ADVANTAGE OF ROD OSTEOSYNTHESIS IN PATIENTS WITH COMPLEX OPEN FRACTURES OF FEMORAL BONE

ADVANTAGE OF ROD OSTEOSYNTHESIS IN PATIENTS WITH COMPLEX OPEN FRACTURES OF FEMORAL BONE

Sirodzhov K.H., Isupov Sh.A., Holov D.I., Boymurodov A.N.

ADVANTAGE OF ROD OSTEOSYNTHESIS IN PATIENTS WITH COMPLEX OPEN FRACTURES OF FEMORAL BONE

Department of Traumatology and Orthopedics of the State Educational Establishment «Institute of Postgraduate Education in Health Sphere of Republic of Tajikistan»

Aim.Optimization of surgical treatment of open fractures of the femur with concomitant injury.

Materials and methods. The results of diagnosis and treatment of 87 patients with combined open fractures of the femur were analyzed. Patients were divided into2 groups: the main group resorted to early stable fixation of long bone fractures external fixation device (EFD) on the first day. In the control group osteosynthesis produced in delayed and planned manner.

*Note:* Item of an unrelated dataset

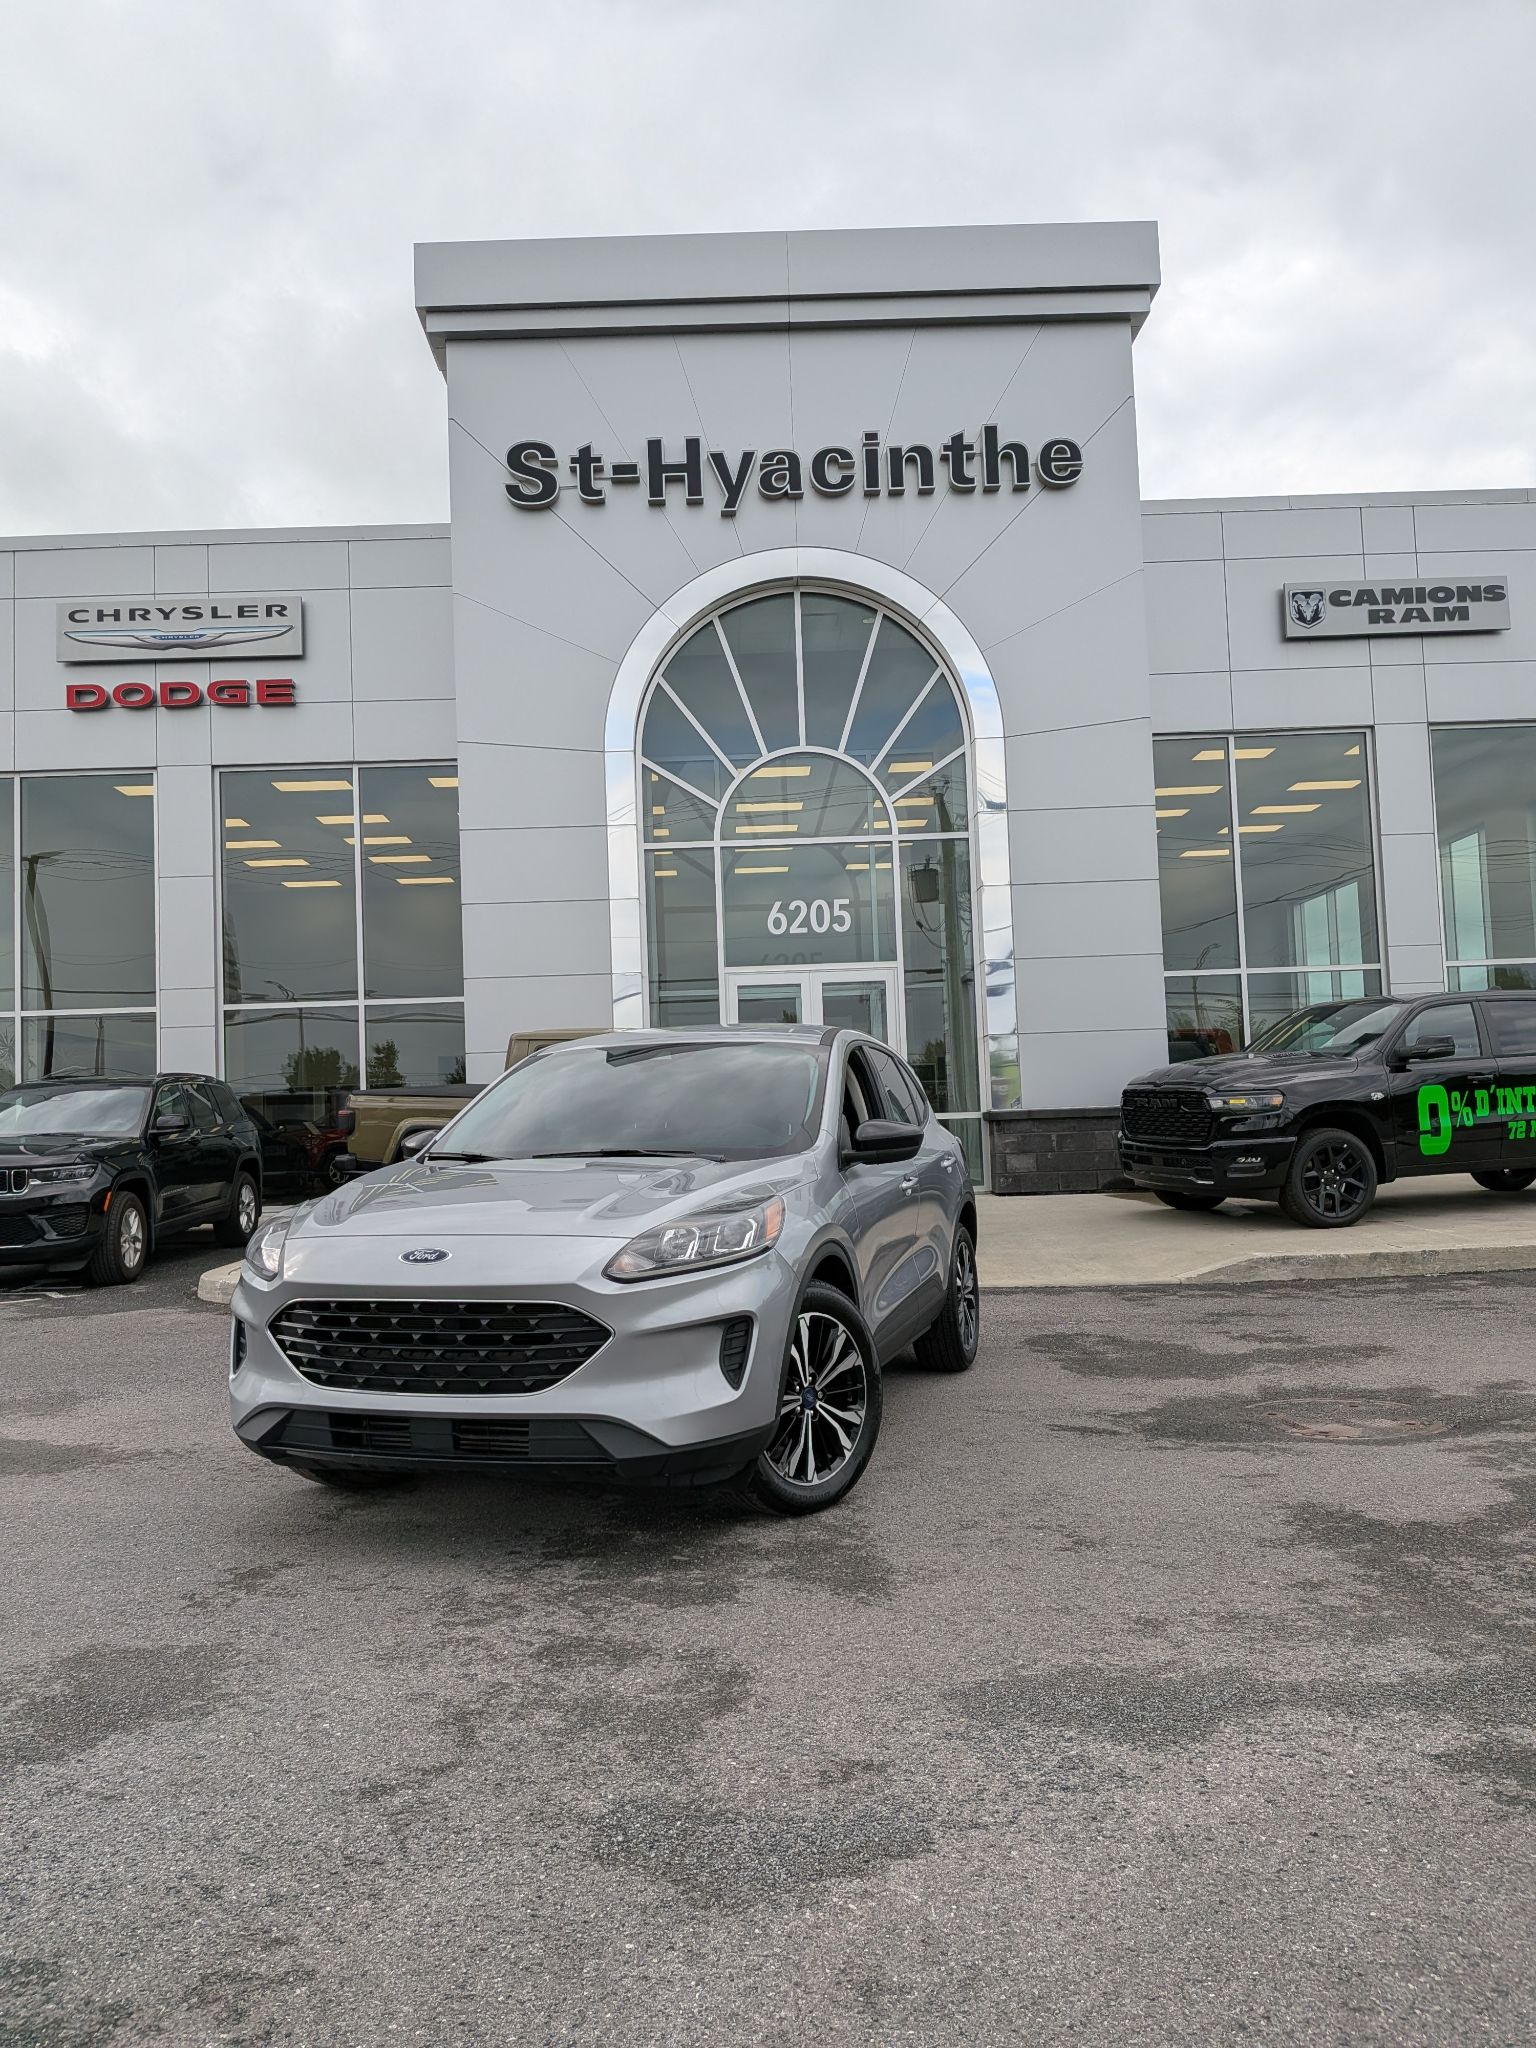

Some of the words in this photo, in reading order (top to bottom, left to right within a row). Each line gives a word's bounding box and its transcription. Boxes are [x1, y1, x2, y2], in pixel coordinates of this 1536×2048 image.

Research methods: radiography, computed tomography, ultrasound examination of organs, clinical and laboratory research. To determine the severity of injuries and status of patients, the degree of shock, blood loss volume and other vital violations the objective point scale assessments were used.

Results. Stabilization of fractures of the femur EFD conducted in all cases amid continuing anti shock measures or after appropriate infusion-transfusion therapy and improve the overall condition of the victims. By using of optimized surgical treatment of open fractures of the femur at combined injury good results established respectively in 27 (29,9%) and 18 (20,7%), satisfactory — in 11 (12,6%) and 19 (21,8%) and unsatisfactory — in 3 (3,4%) and 9 (10,3%) patients.

Conclusion. Considering the low traumatism and how antishockeventt, early osteosynthesis of open fractures of the femoral EFD performed independently from the severity of the victim, making the patient transportable. This method helps to normalize the function of important organs, reducing early-threatening complications and verticalization of the patient.